TASK TO CARRY OUT =>
The output should be every line below, retyped exactly, with no images.

Image-backed grounding data
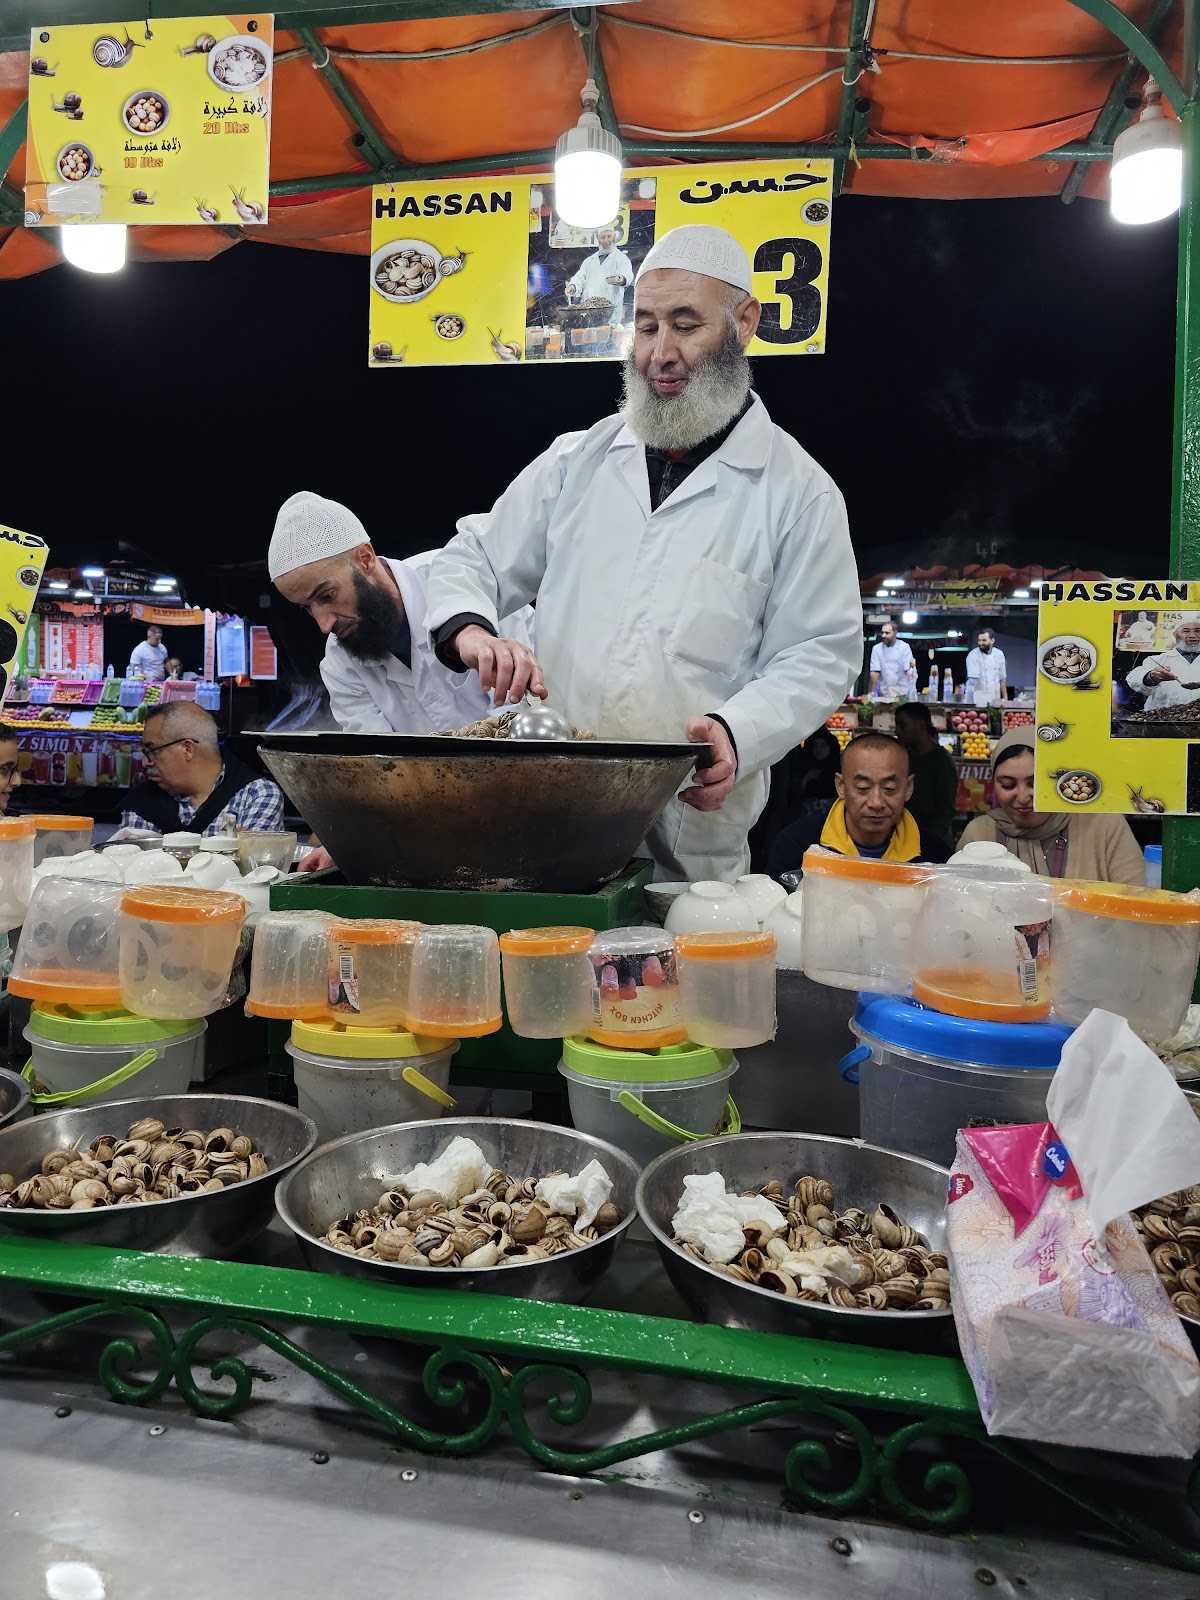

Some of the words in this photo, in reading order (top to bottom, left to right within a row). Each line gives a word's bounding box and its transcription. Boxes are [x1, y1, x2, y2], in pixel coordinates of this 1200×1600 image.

[203, 96, 239, 120] كبيرة
[203, 121, 221, 135] 20
[224, 121, 250, 135] Dhs
[123, 156, 138, 169] 10
[140, 156, 164, 168] Dhs
[679, 172, 828, 204] حسن
[375, 190, 512, 219] HASSAN
[753, 237, 823, 345] 3
[1041, 582, 1189, 601] HASSAN
[30, 737, 70, 752] SIMO
[89, 739, 109, 753] 44
[609, 1005, 628, 1022] BOX
[630, 1003, 664, 1024] KITCHEN

OUTPUT OF THE EXERCISE =>
Some of the words in this photo, in reading order (top to bottom, left to right within a row). Each line gives a word's bounding box and its transcription. Boxes are [x1, y1, x2, y2], in pixel coordinates of this 1200×1600 image.

[203, 96, 239, 120] كبيرة
[203, 121, 221, 135] 20
[224, 121, 250, 135] Dhs
[123, 156, 138, 169] 10
[140, 156, 164, 168] Dhs
[679, 172, 828, 204] حسن
[375, 190, 512, 219] HASSAN
[753, 237, 823, 345] 3
[1041, 582, 1189, 601] HASSAN
[30, 737, 70, 752] SIMO
[89, 739, 109, 753] 44
[609, 1005, 628, 1022] BOX
[630, 1003, 664, 1024] KITCHEN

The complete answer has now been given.